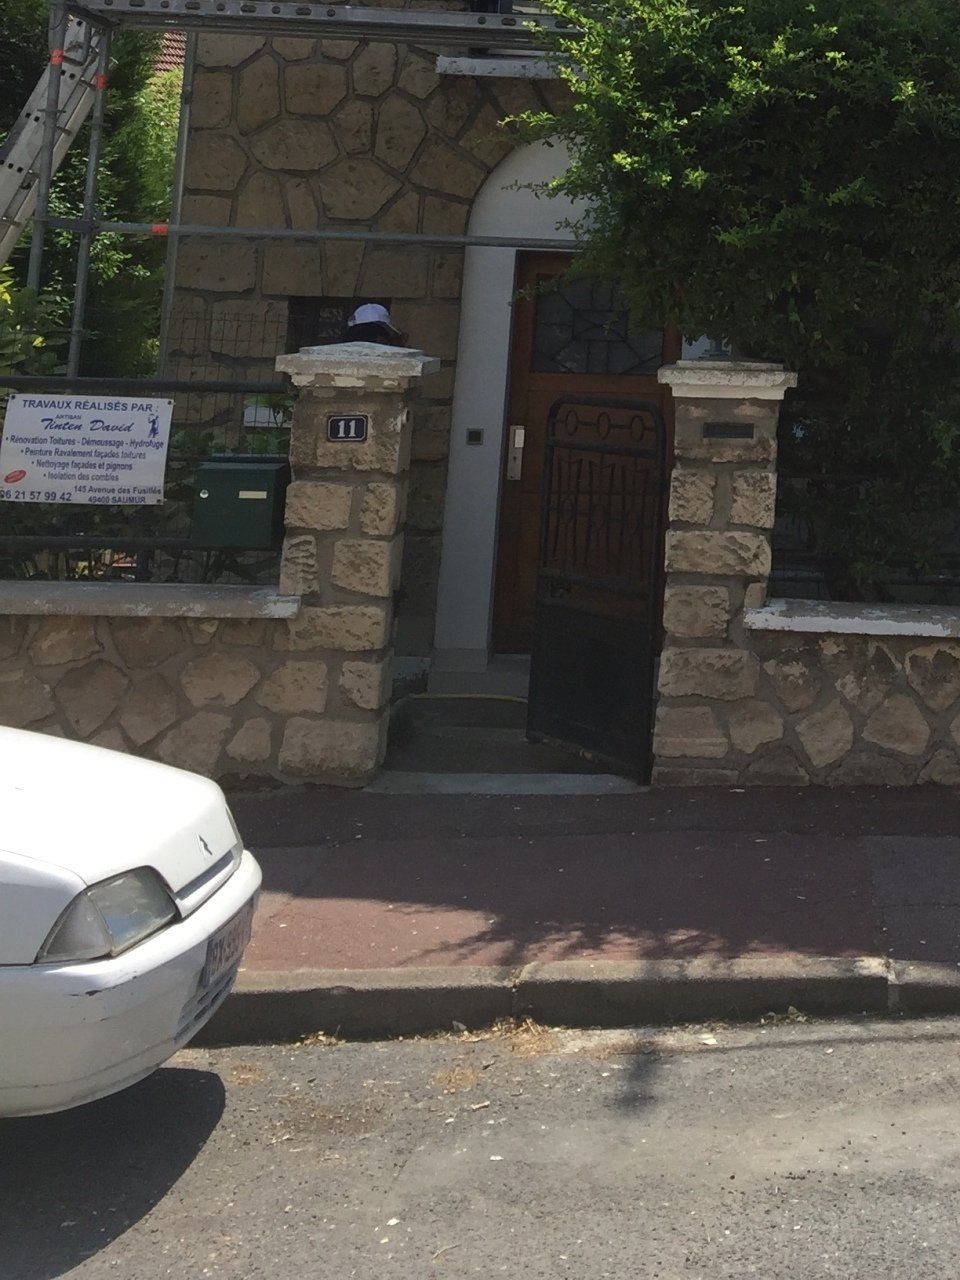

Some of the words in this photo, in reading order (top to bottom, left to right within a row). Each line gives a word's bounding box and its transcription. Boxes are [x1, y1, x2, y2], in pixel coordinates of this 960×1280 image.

[22, 399, 72, 410] TRAVAUX
[74, 400, 129, 412] RÉALISÉS
[130, 403, 153, 412] PAR
[40, 418, 83, 431] Tinten
[89, 419, 135, 432] David
[337, 419, 357, 438] 11
[10, 435, 48, 445] Rénovation
[49, 436, 76, 446] Toitures
[129, 439, 164, 450] Hydrofuge
[24, 447, 53, 457] Peinture
[54, 448, 93, 458] Ravalement
[36, 459, 70, 470] Nettoyage
[106, 463, 133, 472] pignons
[47, 472, 76, 480] Isolation
[77, 472, 90, 481] des
[90, 473, 119, 482] combles
[14, 490, 26, 500] 21
[29, 490, 42, 501] 57
[44, 491, 57, 502] 99
[59, 492, 72, 502] 42
[74, 485, 87, 493] 145
[88, 486, 116, 494] Avenue
[117, 486, 132, 495] des
[111, 496, 146, 504] SAUMUR
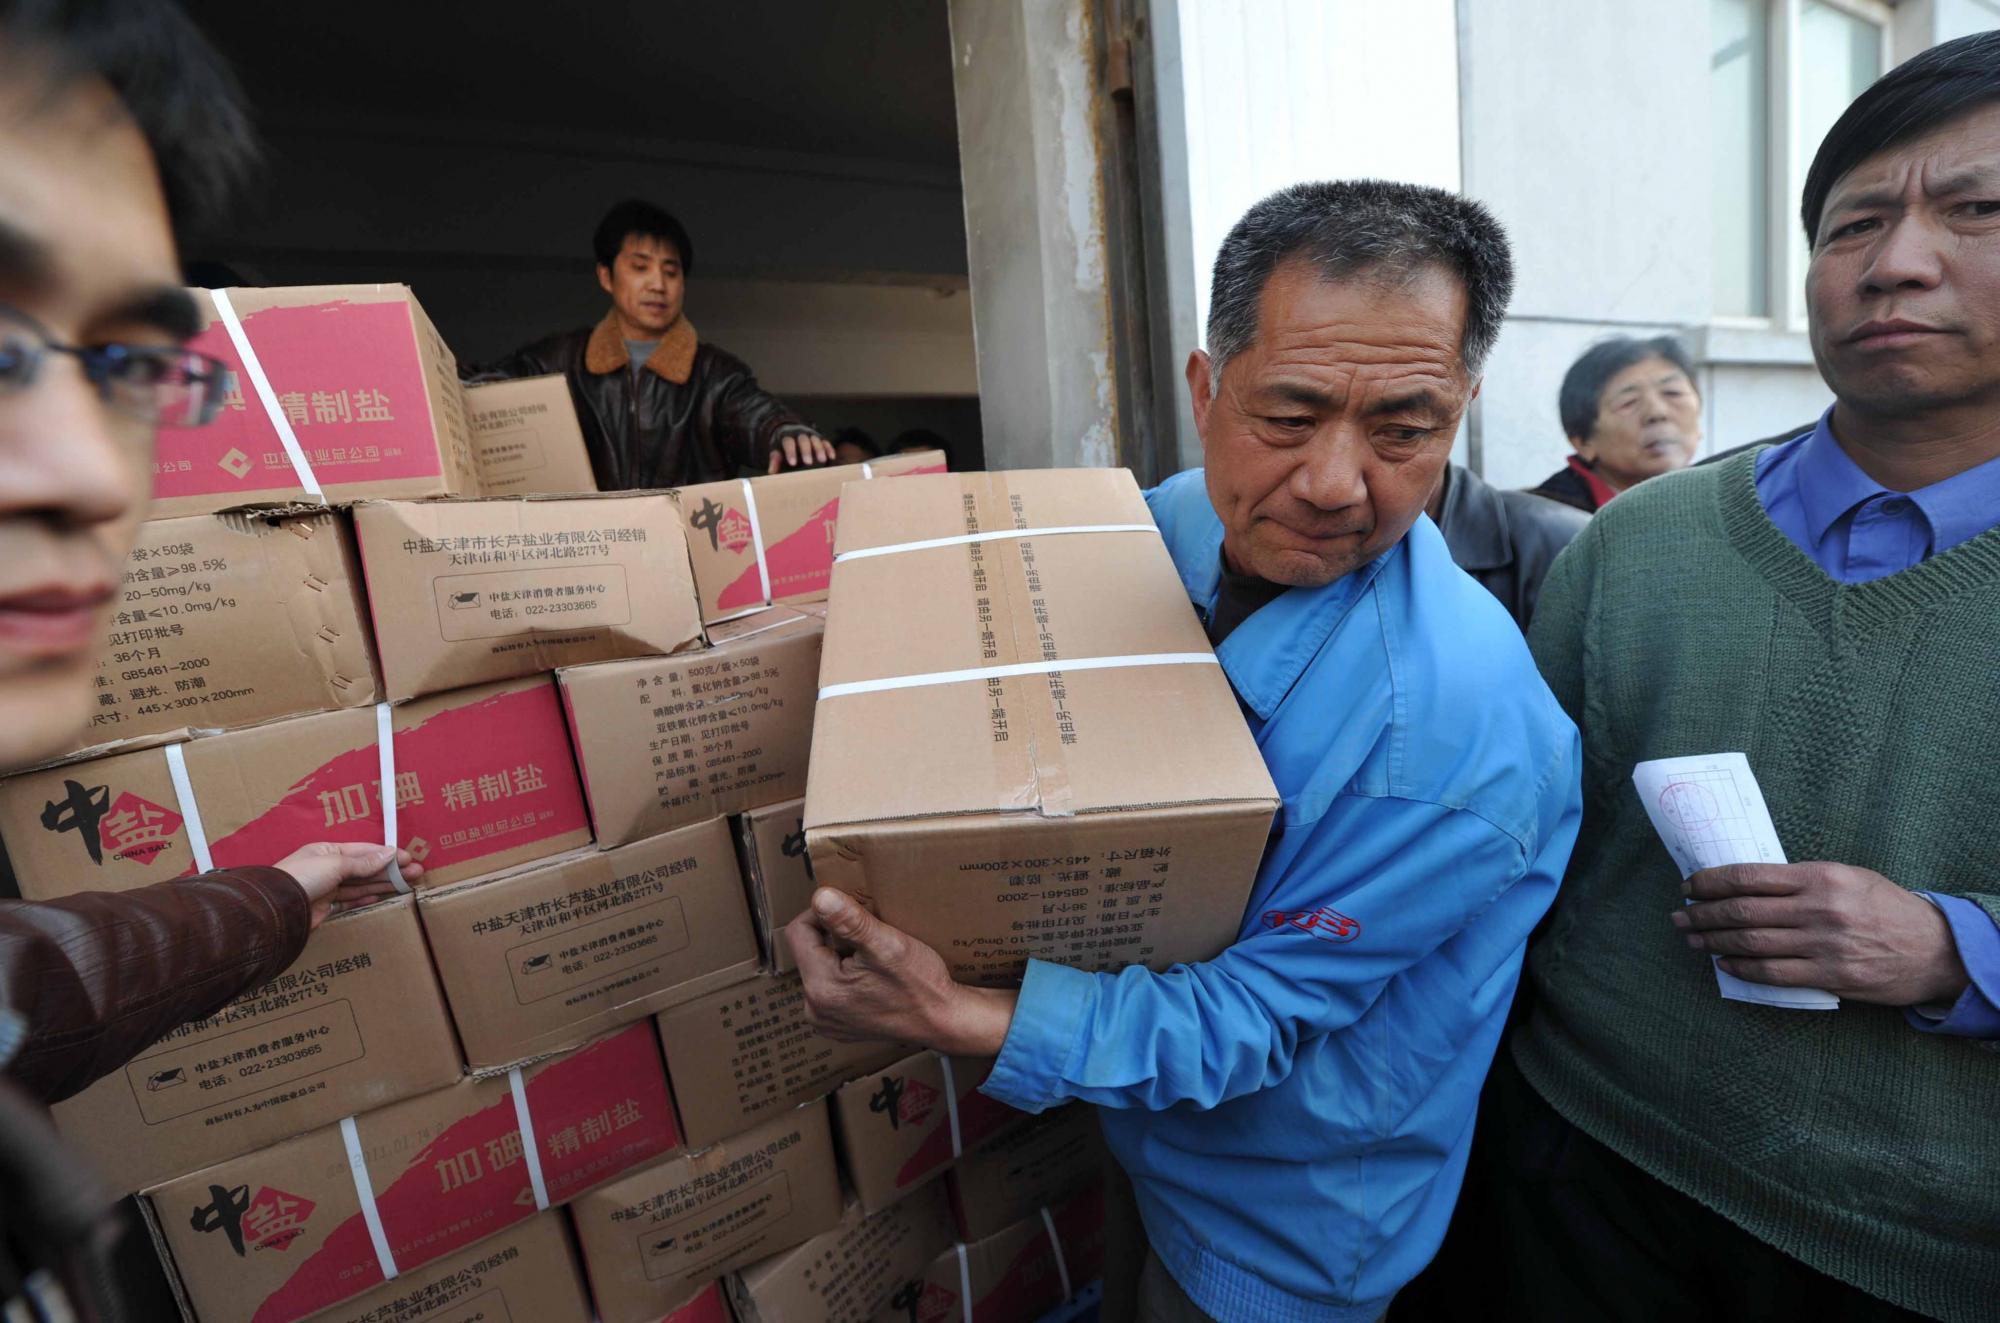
++++++++++
:: ABOUT THIS TASK ::
Line by line, retype the records above exactly, minus the images.

:: WRITTEN ANSWER ::
Some of the words in this photo, in reading order (top to bottom, left to right within a row). Each line gives a word's bounding box and its transcription. Boxes are [x1, y1, x2, y2], in pixel coordinates of this 960×1280 image.

[22, 399, 72, 410] TRAVAUX
[74, 400, 129, 412] RÉALISÉS
[130, 403, 153, 412] PAR
[40, 418, 83, 431] Tinten
[89, 419, 135, 432] David
[337, 419, 357, 438] 11
[10, 435, 48, 445] Rénovation
[49, 436, 76, 446] Toitures
[129, 439, 164, 450] Hydrofuge
[24, 447, 53, 457] Peinture
[54, 448, 93, 458] Ravalement
[36, 459, 70, 470] Nettoyage
[106, 463, 133, 472] pignons
[47, 472, 76, 480] Isolation
[77, 472, 90, 481] des
[90, 473, 119, 482] combles
[14, 490, 26, 500] 21
[29, 490, 42, 501] 57
[44, 491, 57, 502] 99
[59, 492, 72, 502] 42
[74, 485, 87, 493] 145
[88, 486, 116, 494] Avenue
[117, 486, 132, 495] des
[111, 496, 146, 504] SAUMUR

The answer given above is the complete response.